I don't think so. There are no Subjects Who Can Delete, there are only subjects that can delete *a given resource*.


> If it were a type hierarchy of actions, we could say "all acts of
> deletion are acts of writing; all acts of writing are acts of
> versioning;", etc.

*From an authorization standpoint*, that's exactly how Documentum works. 


> I see two approaches to meeting this use case.  The simpler, more
> conventional approach would be to define some sort of "enum"
> declaration
> in a policy.  This would allow the policy writer to associate "Delete"
> with "0", "Write" with "1", etc.  Then the rules to allow deletion
> would
> say "if action-id greater-than-or-equal 'Delete'".  This capability
> would address other use cases as well, such as rules about resource
> sensitivity that use terms like "PUBLIC", "CONFIDENTIAL", "SECRET",
> "TOP
> SECRET" to indicate increasing levels of sensitivity.

I have two problems with this approach:
1) The 0, 1, etc. make the policies harder to understand
2) The greater-than-or-equal makes the policies harder to optimize (at least for my current implementation)
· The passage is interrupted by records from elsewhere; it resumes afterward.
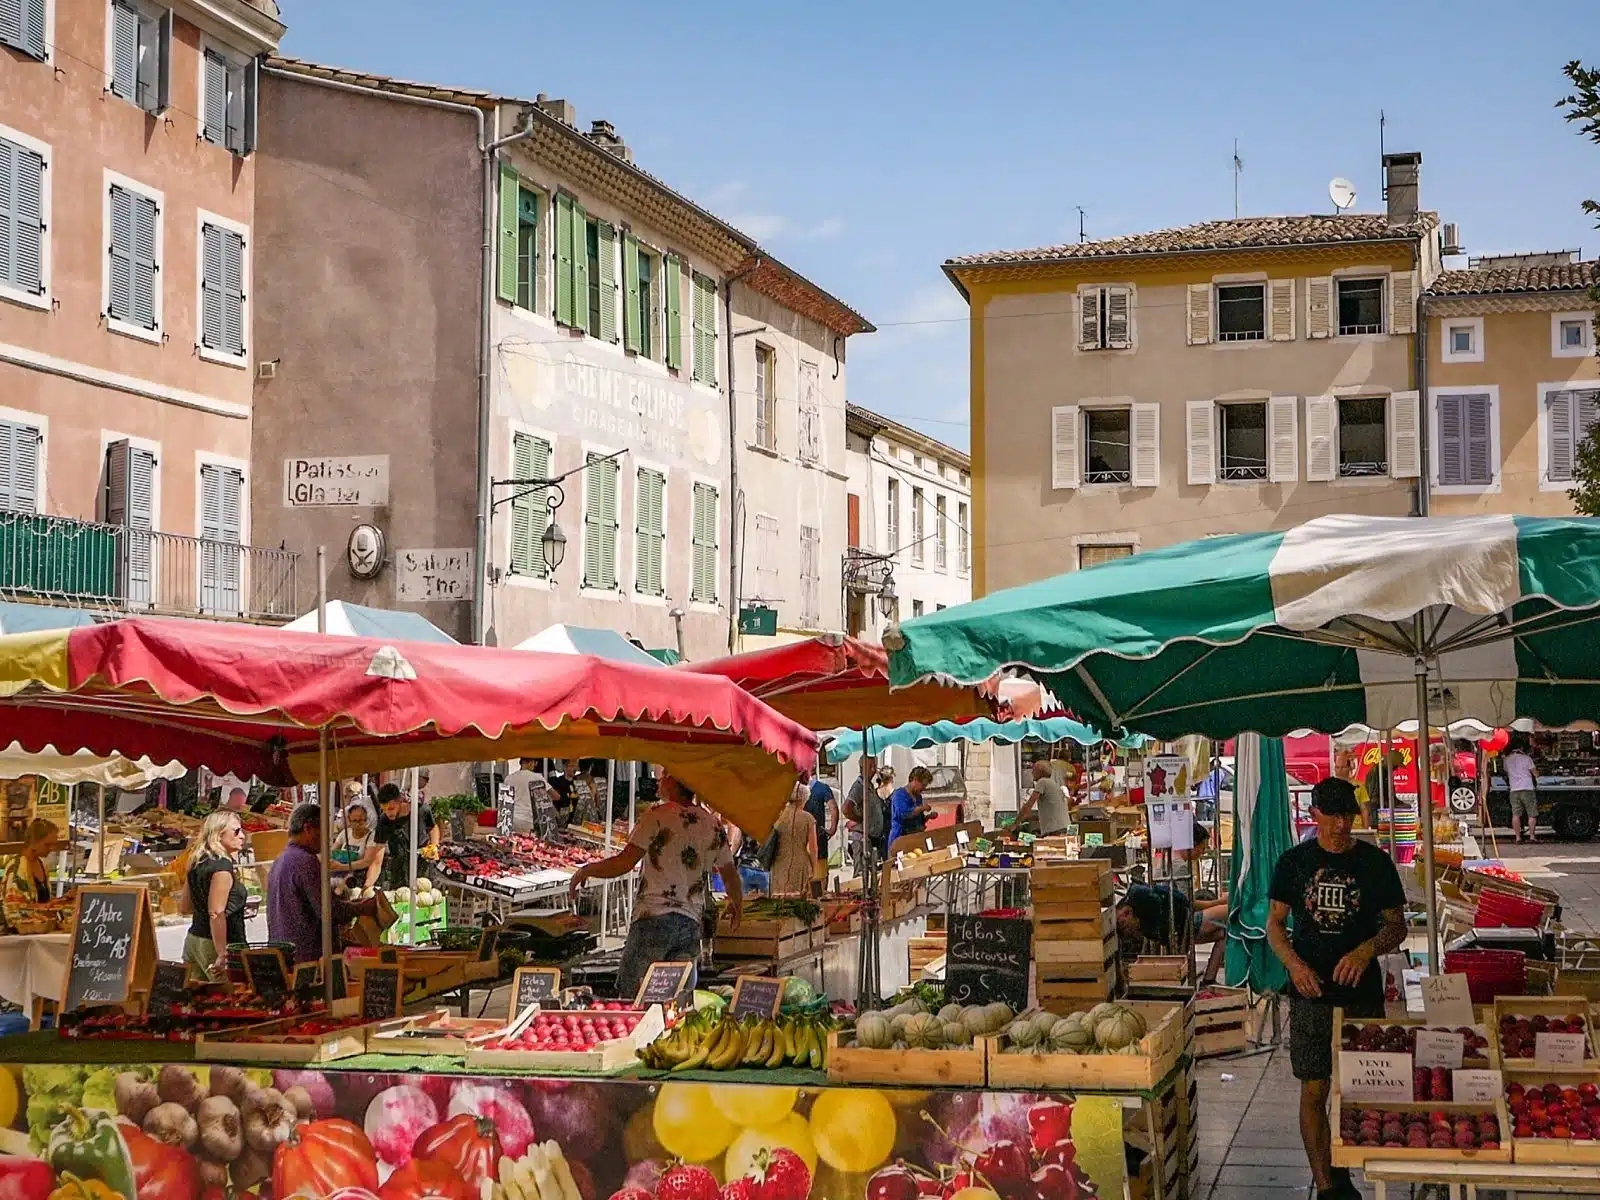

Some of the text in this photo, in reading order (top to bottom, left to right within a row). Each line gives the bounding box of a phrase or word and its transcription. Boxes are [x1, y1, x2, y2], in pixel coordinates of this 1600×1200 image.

[38, 780, 60, 803] AB
[1317, 886, 1346, 908] FEEL
[954, 920, 1006, 943] Melons
[1358, 1059, 1393, 1069] VENTE
[1365, 1069, 1386, 1078] AUX
[1351, 1078, 1405, 1088] PLATEAUX
> A more general approach would specify semantic extensions to the policy
> and request languages, and specify semantic behavior of the context
> handler and/or policy evaluator.  This would allow XACML components to
> read an externally-defined ontology and infer extensions to rules and
> request contexts based on class and property axioms found in the
> ontology.

This sounds really interesting. Could you elaborate?